Ignoring the pictures, copy the data exactly.

:::::

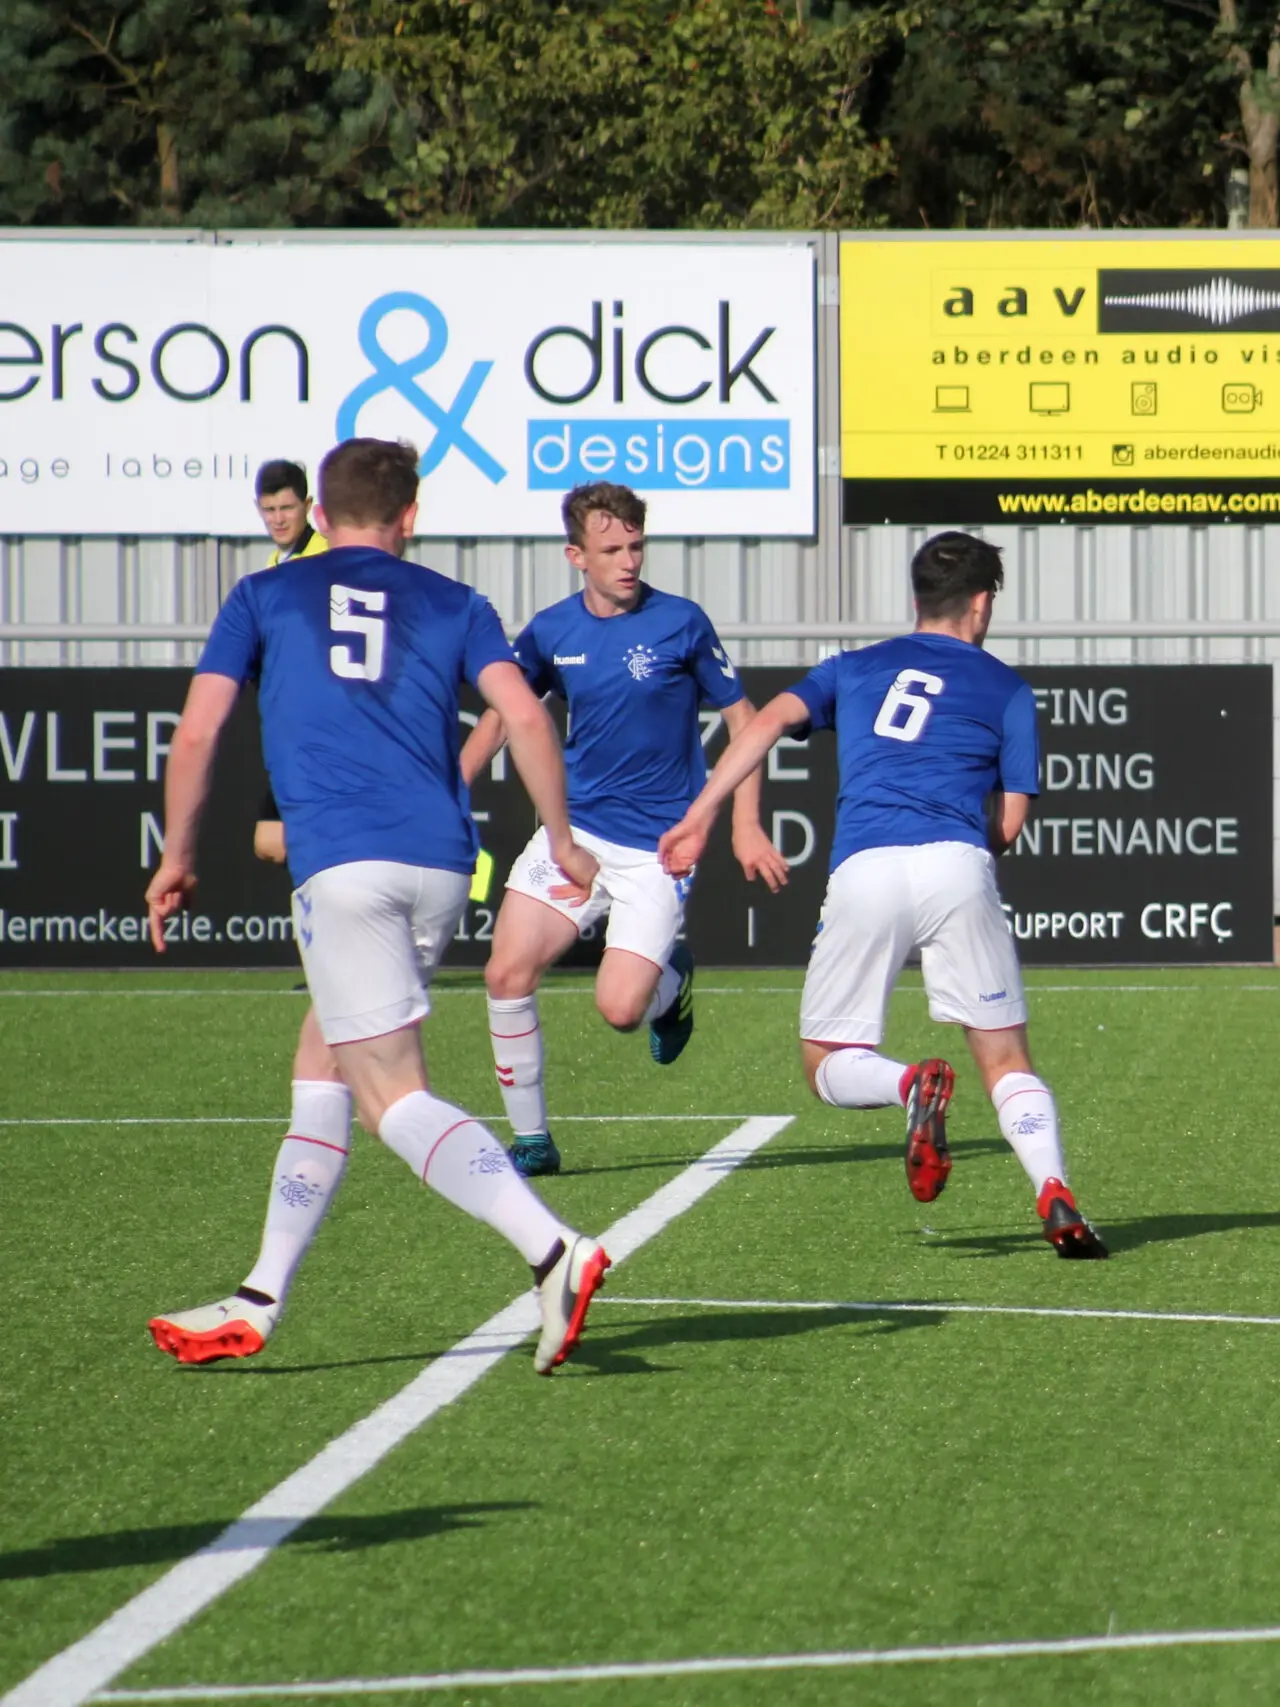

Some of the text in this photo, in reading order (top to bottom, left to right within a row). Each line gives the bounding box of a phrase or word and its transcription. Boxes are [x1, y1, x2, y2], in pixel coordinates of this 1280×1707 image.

[931, 345, 1099, 366] aberdeen
[1122, 345, 1219, 366] audio
[335, 291, 507, 485] &
[524, 300, 779, 404] dick
[105, 453, 307, 479] labelli
[532, 423, 786, 483] designs
[936, 444, 948, 460] T
[953, 444, 1010, 461] 01224
[1015, 444, 1083, 460] 311311
[329, 584, 386, 682] 5
[873, 669, 943, 742] 6
[1038, 752, 1155, 791] DING
[1002, 817, 1239, 856] NTENANCE
[1140, 902, 1234, 939] CRFC

:::::

*Answer to this task*.
Some of the text in this photo, in reading order (top to bottom, left to right within a row). Each line gives the bounding box of a phrase or word and its transcription. Boxes are [x1, y1, x2, y2], in pixel coordinates of this 1280×1707 image.

[931, 345, 1099, 366] aberdeen
[1122, 345, 1219, 366] audio
[335, 291, 507, 485] &
[524, 300, 779, 404] dick
[105, 453, 307, 479] labelli
[532, 423, 786, 483] designs
[936, 444, 948, 460] T
[953, 444, 1010, 461] 01224
[1015, 444, 1083, 460] 311311
[329, 584, 386, 682] 5
[873, 669, 943, 742] 6
[1038, 752, 1155, 791] DING
[1002, 817, 1239, 856] NTENANCE
[1140, 902, 1234, 939] CRFC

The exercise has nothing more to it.